Check out our latest analysis for Moksh Ornaments

How Does Moksh Ornaments’s P/E Ratio Compare To Its Peers?

Moksh Ornaments’s P/E of 5.7 indicates relatively low sentiment towards the stock. The image below shows that Moksh Ornaments has a lower P/E than the average (10) P/E for companies in the luxury industry.

NSEI:MOKSH Price Estimation Relative to Market, August 16th 2019
NSEI:MOKSH Price Estimation Relative to Market, August 16th 2019

This suggests that market participants think Moksh Ornaments will underperform other companies in its industry.

How Growth Rates Impact P/E Ratios

Generally speaking the rate of earnings growth has a profound impact on a company’s P/E multiple. When earnings grow, the ‘E’ increases, over time. That means even if the current P/E is high, it will reduce over time if the share price stays flat. Then, a lower P/E should attract more buyers, pushing the share price up.

Moksh Ornaments shrunk earnings per share by 15% over the last year. But it has grown its earnings per share by 11% per year over the last five years.

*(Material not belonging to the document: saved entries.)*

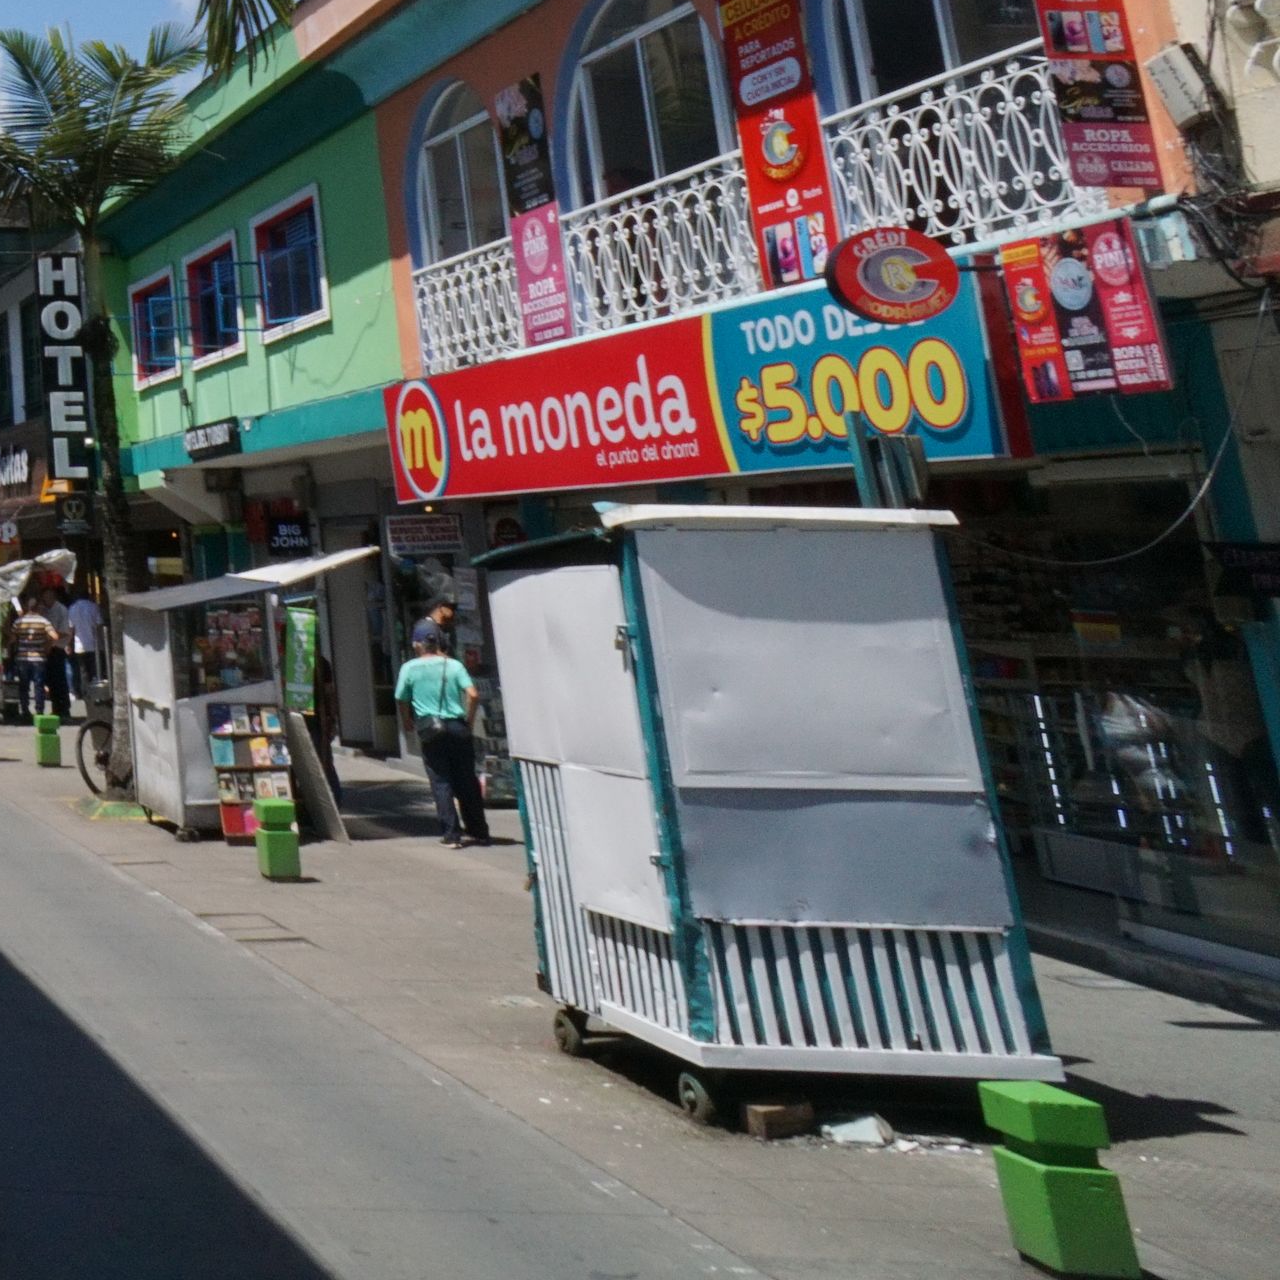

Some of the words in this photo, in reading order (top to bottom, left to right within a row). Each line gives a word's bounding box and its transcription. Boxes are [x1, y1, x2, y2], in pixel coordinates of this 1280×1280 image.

[1083, 128, 1134, 143] ROPA
[853, 228, 907, 258] CRÉDI
[528, 277, 557, 300] ROPA
[740, 308, 816, 355] TODO
[37, 256, 90, 479] HOTEL
[736, 337, 968, 446] $5.000
[454, 398, 498, 463] la
[503, 354, 697, 458] moneda
[609, 444, 639, 469] punto
[641, 439, 660, 463] del
[271, 535, 310, 548] JOHN
[277, 524, 301, 536] BIG

A Limitation: P/E Ratios Ignore Debt and Cash In The Bank

One drawback of using a P/E ratio is that it considers market capitalization, but not the balance sheet. That means it doesn’t take debt or cash into account. In theory, a company can lower its future P/E ratio by using cash or debt to invest in growth.

Such spending might be good or bad, overall, but the key point here is that you need to look at debt to understand the P/E ratio in context.

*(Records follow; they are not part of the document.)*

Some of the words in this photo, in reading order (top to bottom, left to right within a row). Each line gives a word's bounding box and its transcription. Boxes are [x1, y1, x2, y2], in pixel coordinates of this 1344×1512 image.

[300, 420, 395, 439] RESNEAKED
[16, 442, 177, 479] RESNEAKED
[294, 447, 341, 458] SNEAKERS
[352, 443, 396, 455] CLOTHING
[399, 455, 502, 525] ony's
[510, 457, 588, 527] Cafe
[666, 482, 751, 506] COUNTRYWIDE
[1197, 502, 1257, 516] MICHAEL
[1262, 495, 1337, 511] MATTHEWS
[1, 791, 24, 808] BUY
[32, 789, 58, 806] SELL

How Does Moksh Ornaments’s Debt Impact Its P/E Ratio?

Moksh Ornaments’s net debt is 97% of its market cap. This is a reasonably significant level of debt — all else being equal you’d expect a much lower P/E than if it had net cash.

The Bottom Line On Moksh Ornaments’s P/E Ratio

Moksh Ornaments’s P/E is 5.7 which is below average (13.5) in the IN market. The P/E reflects market pessimism that probably arises from the lack of recent EPS growth, paired with significant leverage. What we know for sure is that investors are becoming rather less uncomfortable about Moksh Ornaments’s prospects, since they have pushed its P/E ratio from 4.4 to 5.7 over the last month. For those who like to invest in turnarounds, that might mean it’s time to put the stock on a watchlist, or research it. But others might consider the opportunity to have passed.

When the market is wrong about a stock, it gives savvy investors an opportunity. As value investor Benjamin Graham famously said, ‘In the short run, the market is a voting machine but in the long run, it is a weighing machine.’ We don’t have analyst forecasts, but shareholders might want to examine this detailed historical graph of earnings, revenue and cash flow.

Of course you might be able to find a better stock than Moksh Ornaments. So you may wish to see this free collection of other companies that have grown earnings strongly.

We aim to bring you long-term focused research analysis driven by fundamental data. Note that our analysis may not factor in the latest price-sensitive company announcements or qualitative material.

If you spot an error that warrants correction, please contact the editor at editorial-team@simplywallst.com. This article by Simply Wall St is general in nature. It does not constitute a recommendation to buy or sell any stock, and does not take account of your objectives, or your financial situation. Simply Wall St has no position in the stocks mentioned. Thank you for reading.